Exercise description → None of the images should appear in your copy. Transcribe the data in full.

[Data entries]
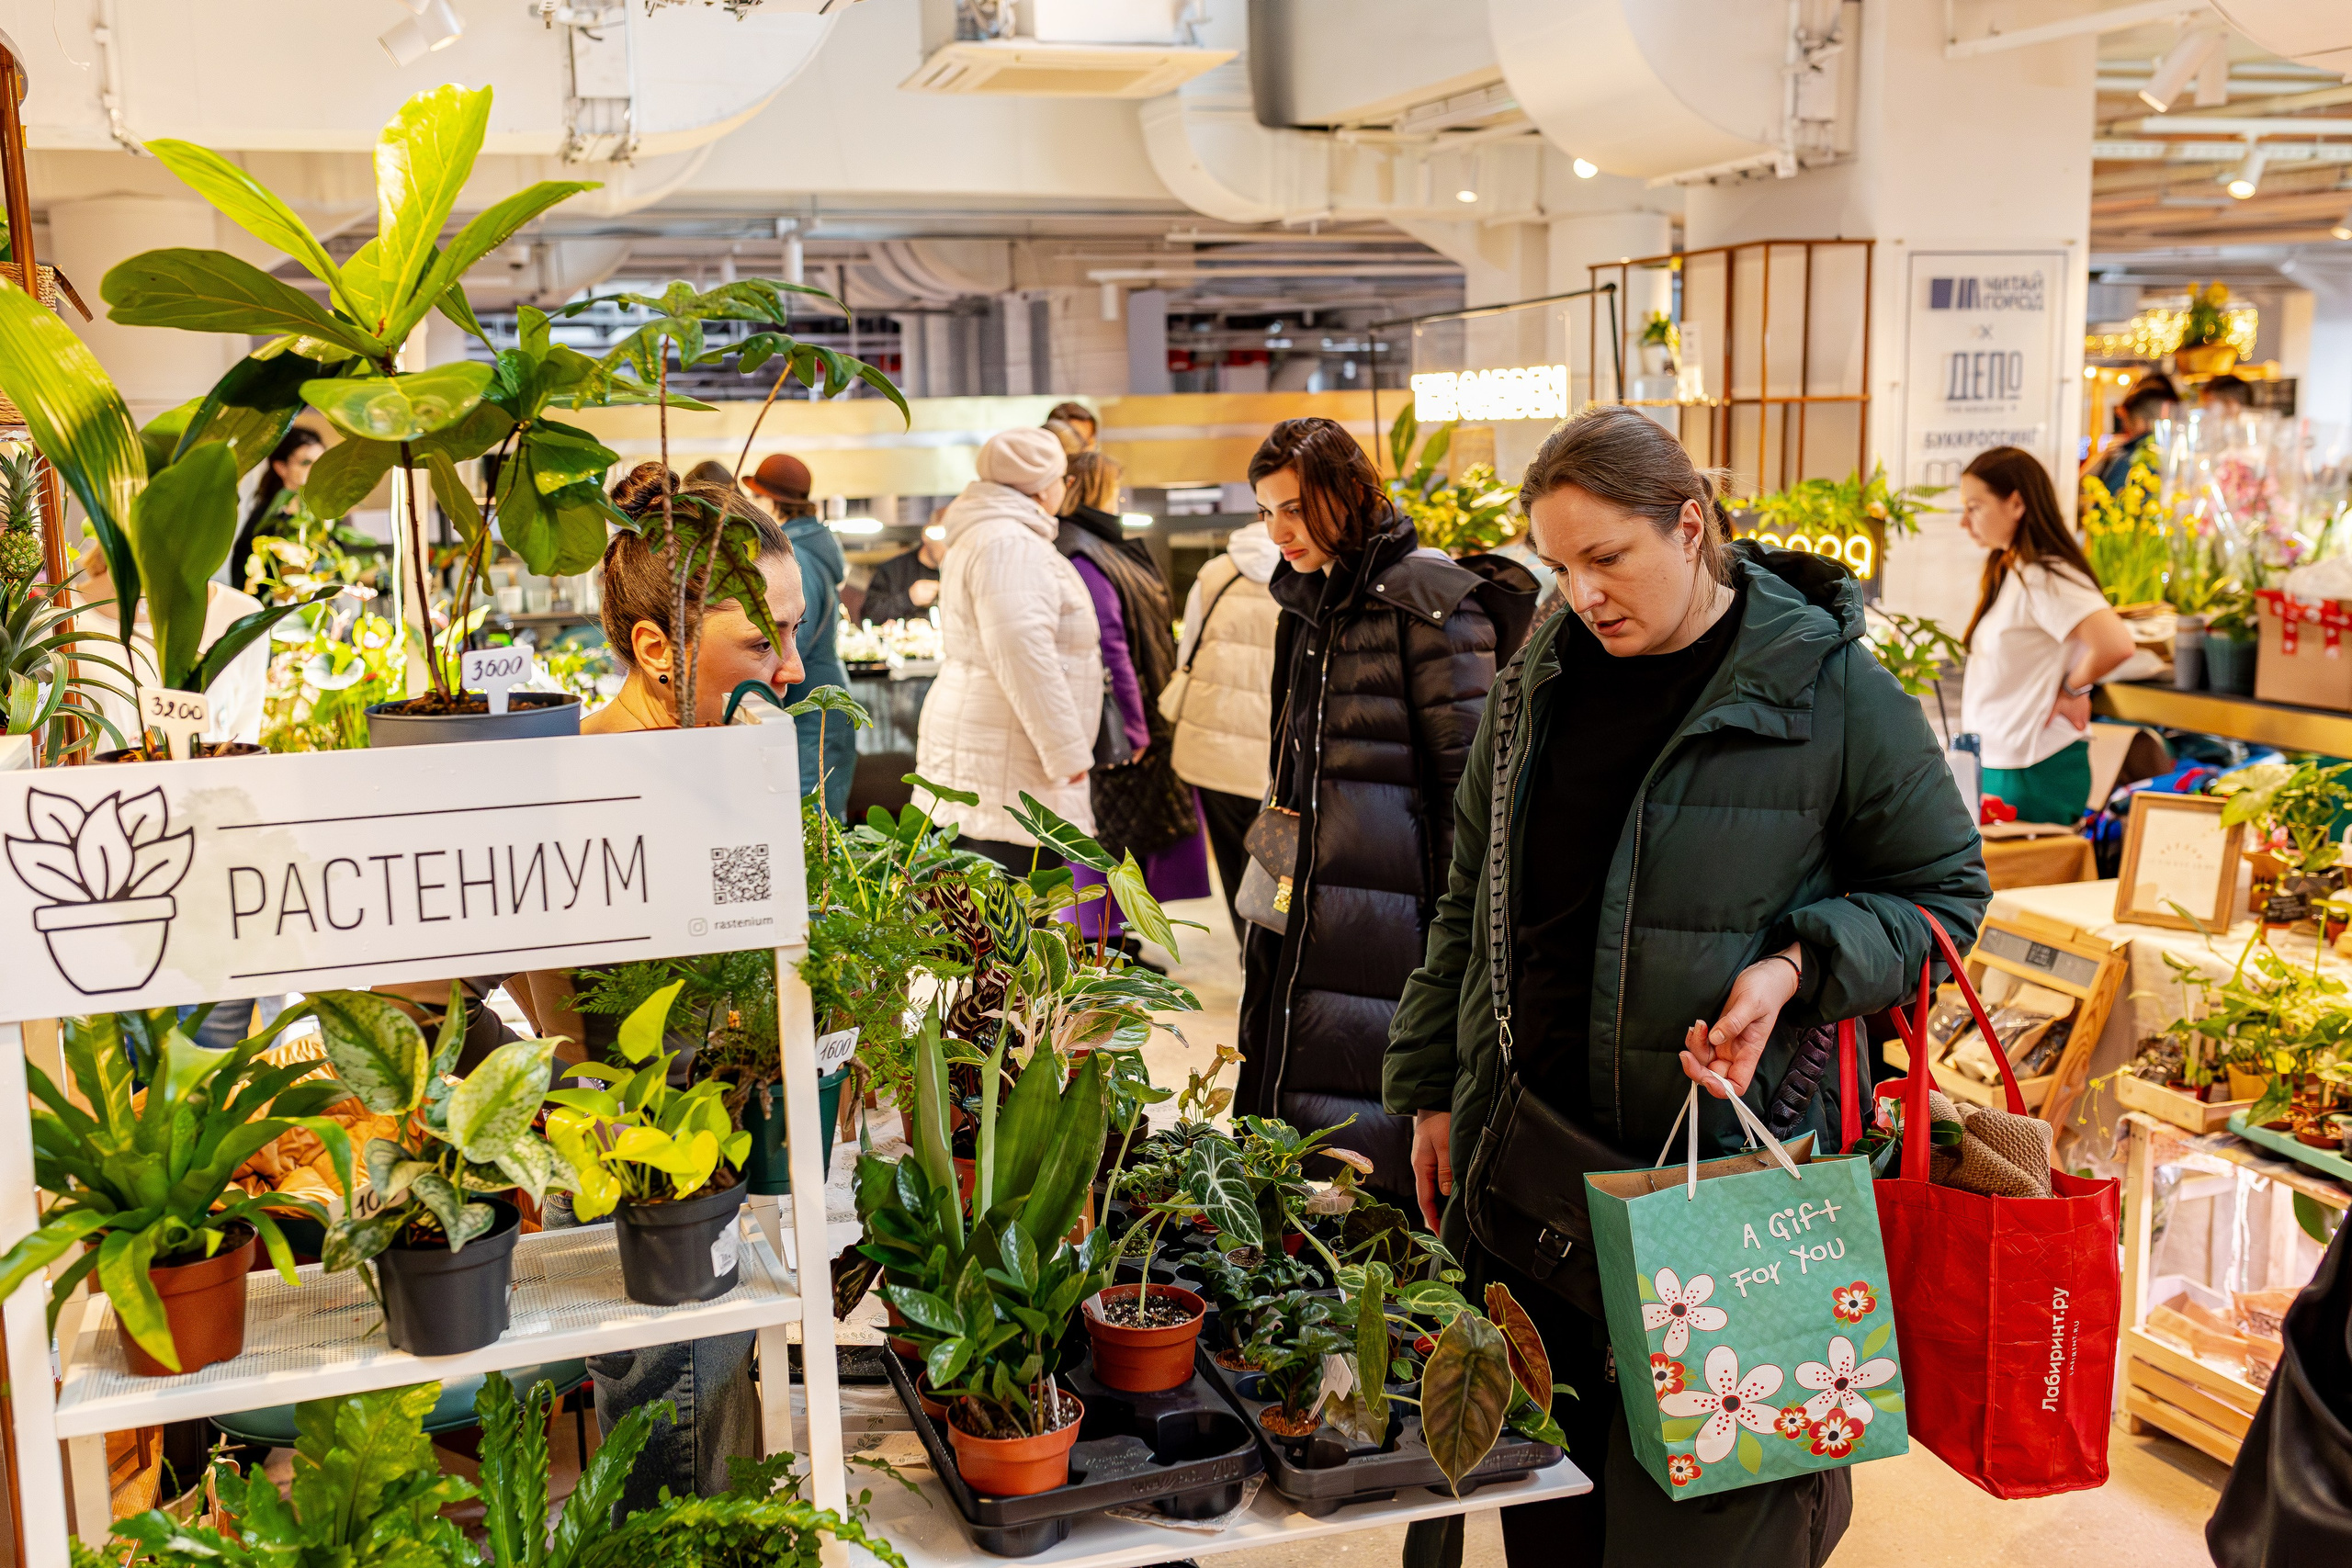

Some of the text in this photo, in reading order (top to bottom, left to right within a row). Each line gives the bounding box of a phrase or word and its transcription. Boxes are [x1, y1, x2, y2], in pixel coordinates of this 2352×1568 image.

[1984, 271, 2044, 290] ЧИТАЙ
[1984, 293, 2044, 310] ГОРОД
[1946, 350, 2023, 400] ДЕПО
[471, 656, 523, 681] 3600
[152, 696, 203, 720] 3200
[229, 834, 649, 941] РАСТЕНИУМ
[714, 917, 774, 931] rastenium
[820, 1037, 853, 1061] 1600
[1743, 1223, 1761, 1250] A
[2041, 1286, 2070, 1412] Лабиринт.ру

The completed task →
Some of the text in this photo, in reading order (top to bottom, left to right within a row). Each line gives the bounding box of a phrase or word and its transcription. Boxes are [x1, y1, x2, y2], in pixel coordinates of this 2352×1568 image.

[1984, 271, 2044, 290] ЧИТАЙ
[1984, 293, 2044, 310] ГОРОД
[1946, 350, 2023, 400] ДЕПО
[471, 656, 523, 681] 3600
[152, 696, 203, 720] 3200
[229, 834, 649, 941] РАСТЕНИУМ
[714, 917, 774, 931] rastenium
[820, 1037, 853, 1061] 1600
[1743, 1223, 1761, 1250] A
[2041, 1286, 2070, 1412] Лабиринт.ру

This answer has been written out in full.